The SafeMoon token liquidity pool (LP) was drained of almost $9 million worth of tokens after attackers took advantage of a public token bug introduced in the decentralized finance (DeFi) project’s smart contracts.
Blockchain data reveals that several tokens were moved in a single transaction early on March 29. The attacker ultimately stole billions of Safemoon’s SFM tokens that were locked on an LP.
A collection of tokens secured by a smart contract makes up a liquidity pool. Without intermediaries, decentralized lending, borrowing, and trading amongst users are made possible through liquidity pools.
SafeMoon is a DeFi project with more than 2.5 million holders and more than $50 million in locked-in cash, and it has a fully diluted market valuation of over $1 billion.
A deflationary utility coin called SAFEMOON is part of a community-driven DeFi protocol. It is developed on the Binance Smart Chain and operates on the BEP-20 token standard (BSC).
The project was introduced in the first quarter of 2021 and has several characteristics like burn strategy, static incentives, and liquidity pool acquisition.

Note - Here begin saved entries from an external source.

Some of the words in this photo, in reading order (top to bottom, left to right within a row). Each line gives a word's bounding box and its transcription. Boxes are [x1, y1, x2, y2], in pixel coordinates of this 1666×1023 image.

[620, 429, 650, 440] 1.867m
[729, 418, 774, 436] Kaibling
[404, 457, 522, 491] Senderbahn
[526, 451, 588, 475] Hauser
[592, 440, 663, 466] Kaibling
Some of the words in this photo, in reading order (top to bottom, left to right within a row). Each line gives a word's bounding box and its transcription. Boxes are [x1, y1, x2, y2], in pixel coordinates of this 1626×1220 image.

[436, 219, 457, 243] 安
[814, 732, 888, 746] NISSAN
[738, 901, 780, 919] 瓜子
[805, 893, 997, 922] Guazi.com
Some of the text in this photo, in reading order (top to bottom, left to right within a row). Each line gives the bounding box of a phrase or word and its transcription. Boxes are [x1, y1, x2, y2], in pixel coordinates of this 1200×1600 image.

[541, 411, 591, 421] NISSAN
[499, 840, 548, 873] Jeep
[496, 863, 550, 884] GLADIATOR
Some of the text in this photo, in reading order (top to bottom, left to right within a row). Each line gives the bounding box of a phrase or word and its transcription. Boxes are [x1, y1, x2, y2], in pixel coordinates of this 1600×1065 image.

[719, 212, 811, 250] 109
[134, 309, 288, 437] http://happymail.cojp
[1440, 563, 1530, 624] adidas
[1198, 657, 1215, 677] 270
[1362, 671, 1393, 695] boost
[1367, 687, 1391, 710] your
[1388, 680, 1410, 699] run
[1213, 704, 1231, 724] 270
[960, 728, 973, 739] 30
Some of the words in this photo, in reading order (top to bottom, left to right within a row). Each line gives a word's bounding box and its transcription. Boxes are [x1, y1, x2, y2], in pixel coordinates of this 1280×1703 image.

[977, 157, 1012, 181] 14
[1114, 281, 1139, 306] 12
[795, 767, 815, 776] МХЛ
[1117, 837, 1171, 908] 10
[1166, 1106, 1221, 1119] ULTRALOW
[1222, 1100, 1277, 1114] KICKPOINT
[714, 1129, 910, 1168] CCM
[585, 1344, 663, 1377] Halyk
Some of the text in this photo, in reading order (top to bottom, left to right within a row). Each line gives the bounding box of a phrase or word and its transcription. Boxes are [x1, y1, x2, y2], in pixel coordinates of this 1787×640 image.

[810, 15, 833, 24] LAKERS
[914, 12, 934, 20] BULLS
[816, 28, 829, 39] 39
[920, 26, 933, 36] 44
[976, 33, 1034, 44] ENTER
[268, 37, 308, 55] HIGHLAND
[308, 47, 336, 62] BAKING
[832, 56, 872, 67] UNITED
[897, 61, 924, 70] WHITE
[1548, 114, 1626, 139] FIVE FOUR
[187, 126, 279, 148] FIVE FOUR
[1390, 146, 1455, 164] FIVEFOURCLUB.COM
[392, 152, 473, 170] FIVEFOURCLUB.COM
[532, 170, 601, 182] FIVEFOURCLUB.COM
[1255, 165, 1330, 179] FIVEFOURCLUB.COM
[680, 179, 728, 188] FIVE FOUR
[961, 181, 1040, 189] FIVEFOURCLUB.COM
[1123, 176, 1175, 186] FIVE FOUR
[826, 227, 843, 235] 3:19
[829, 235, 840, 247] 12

On Twitter, SafeMoon revealed the attack and said it immediately attempted to fix the problem. However, the site withheld information about the incident.
To our valued community,
As you may be aware, on Tuesday 28 March, SafeMoon’s Liquidity Pool was compromised. We have taken swift action to resolve the situation and protect our community. I want to make clear that our DEX is safe. This ultimately affected the SFM:BNB LP pool.…
— John Karony (@CptHodl) March 29, 2023
Following the exploit of the decentralized finance exchange, SafeMoon CEO John Karony has released a statement. Karony said SafeMoon attempted to “rectify” the issue in an email received on March 29.
Bug introduced during the project’s contract upgrade
Following the hack, the blockchain security firm PeckShield disclosed that the problem was included during the project’s most recent contract upgrade, which was started using the official SafeMoon Deployer. The company proposed that the upgrade may have been started since the admin key may have been exposed.
DeFi Mark, a developer for Web3, added that the attacker used the public burn feature, which lets users burn tokens from any address.
John Karony, CEO of Safemoon, explained in a subsequent tweet that the exploit was exclusive to one LP on the BNB Chain.
“I want it to be understood that our DEX is secure. In the end, this had an impact on the SFM: BNB LP pool. We have identified the potential exploit, patched the flaw, and are working with a chain forensics expert to ascertain the exact type and scope of the exploit,” Karony said.
Thank you to all our passionate community members for your patience and support during this frustrating time.
Rest assured that we have not taken our foot off the gas and hope to bring this matter to an end swiftly.
We are still establishing our timelines for a full… https://t.co/Iu3NZ1mlPf
— John Karony (@CptHodl) March 29, 2023
The attacker used the function to remove SafeMoon’s native token, SFM, from the project’s WBNB liquidity pool, which caused the price of SFM to increase artificially.